3.3. Identification of AS Variants at the Transcriptome Level

Publicly available RNA-Seq data were used to provide additional information about the expression of transcript variants of the PKM/Pkm, STXBP1/Stxbp1, HNRNPK/Hnrnpk, CRMP1/Crmp1, CADM1/Cadm1, and PRKCB/Prkcb genes in human and mouse CC and OB. We identified transcripts of all six genes of interest in both OB and CC tissues with TPM > 0 (Figure 5A) and FPKM > 0 (Tables S9 and S10—Supplementary Material). Among the AS variants, Pkm-202 (ENSMUST00000163694) was the most highly expressed in the two mouse brain regions. In human tissues, CADM1-212 (ENST00000542447) was the most highly expressed in the two brain regions. The AS variants of the Cadm1, Crpd1, Hnrnpk, Pkm, Prkcb, and Stxbp genes were amplified by RT-qPCR in both mouse CC and OB. AS variants of the Cadm1 and Prkcb showed higher expression in the OB (p-value ≤ 0.01) and AS variants of Crmpd1 and Hnrnpk showed higher expression in the CC (p-value ≤ 0.05 and p-value ≤ 0.01, respectively) (Figure 5B).

4. Discussion

RNA-Seq and proteomics based on mass spectrometry are widely used technologies that provide molecular-level insights into neurodegenerative diseases such as AD [53,54,55,56]. However, few studies have used an orthology approach to understand the diversity of AS manifestations in the CC and OB in humans and mice. In this study, we built customized protein sequence databases for humans and mice, and used them to analyze publicly available data from CC and OB proteomes [44,45,46]. We were able to identify proteotypic peptides of orthologous AS proteoforms with identical sequences in both humans and mice (Figure 3A). Our findings are in line with previous studies, which identified the peptides of these proteoforms in different tissues [57,58,59]. All AS variants were confirmed at the transcript level by both RNA-Seq data (Supplementary Tables S4 and S5) and RT-qPCR assays (Figure 4). Identifying these AS variants at the transcript and protein levels provides a fuller view of the transfer and expression of genetic information [60]. Furthermore, these AS variants were identified in both humans and mice, contributing to the reliability of our results and enabling testing in murine models. Since these AS proteoforms have high sequence similarity (Figure 3A) and conserved exon patterns (Figure 3B), they likely play similar roles in the CC and OB of both organisms. In this section, we present evidence from the literature regarding the functions of these genes in brain tissues and their role in brain disorders, as well as discussing the possible roles of these proteoforms in healthy and diseased brains.
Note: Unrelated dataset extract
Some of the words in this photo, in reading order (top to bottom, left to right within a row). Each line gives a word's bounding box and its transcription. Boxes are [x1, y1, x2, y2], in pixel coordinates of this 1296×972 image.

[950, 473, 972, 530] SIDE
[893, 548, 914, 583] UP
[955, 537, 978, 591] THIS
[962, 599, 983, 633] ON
CRMP1 and its mouse ortholog encode the protein dihydropyrimidinase-related protein 1 (also known as collapsin response mediator protein 1). This protein is widely expressed in brain cells [61] and is involved in neuronal processes such as axonal growth [62,63] and dendritic spine maturation [64]. The differential expression of this gene in olfactory neuronal tissues has been studied in many human pathologies [65,66,67]. There are two AS proteoforms for this gene: one with a short first exon (isoform 1) and the other with a long first exon (LCRMP-1) [68]. Our analysis identified a proteotypic peptide of the proteoform LCRMP-1 in humans (UniProt ID: Q14194-2) and mice (Ensemble ID: ENSMUST00000114158) in MS/MS data of the OB. High expression levels of LCRMP-1 have been detected in non-small-cell lung carcinoma (NSCLC) [69] and are considered a promising potential biomarker for the diagnosis and prognosis of cancers [reviewed by [70]]. However, further studies are required to address its function in the neuronal context of healthy and diseased brains.
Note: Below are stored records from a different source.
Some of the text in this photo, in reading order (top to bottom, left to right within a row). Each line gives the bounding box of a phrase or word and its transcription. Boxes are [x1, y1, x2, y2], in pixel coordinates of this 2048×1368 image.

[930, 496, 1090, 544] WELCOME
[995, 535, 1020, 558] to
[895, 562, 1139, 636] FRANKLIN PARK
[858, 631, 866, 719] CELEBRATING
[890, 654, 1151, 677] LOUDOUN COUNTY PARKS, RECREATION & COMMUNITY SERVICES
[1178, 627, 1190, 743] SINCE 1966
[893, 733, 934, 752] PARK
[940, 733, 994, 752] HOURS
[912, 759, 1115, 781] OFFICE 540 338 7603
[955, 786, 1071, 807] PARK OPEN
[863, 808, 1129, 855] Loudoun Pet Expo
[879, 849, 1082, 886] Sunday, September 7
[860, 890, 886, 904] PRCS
Cell adhesion molecule 1 is a protein encoded by the CADM1 gene (also known as SynCAM) in humans; its ortholog in mice acts as a synaptic adhesion molecule in synaptic assembly [71,72]. The gene is alternatively spliced in the region between exons 7/11, producing two isoforms identified in humans and mice: SP3 (exons 7/11) and SP4 (exons 7/8/11) [73]. Several other isoforms have been reported in humans [74] and mice [75]. Our analysis identified a proteotypic peptide of human SP3 (UniProt ID: Q9BY67-5) and its mouse ortholog (UniProt ID: Q8R5M8-4) in the MS/MS data from a healthy OB. Currently, the function of SP3 in the brain context is unknown.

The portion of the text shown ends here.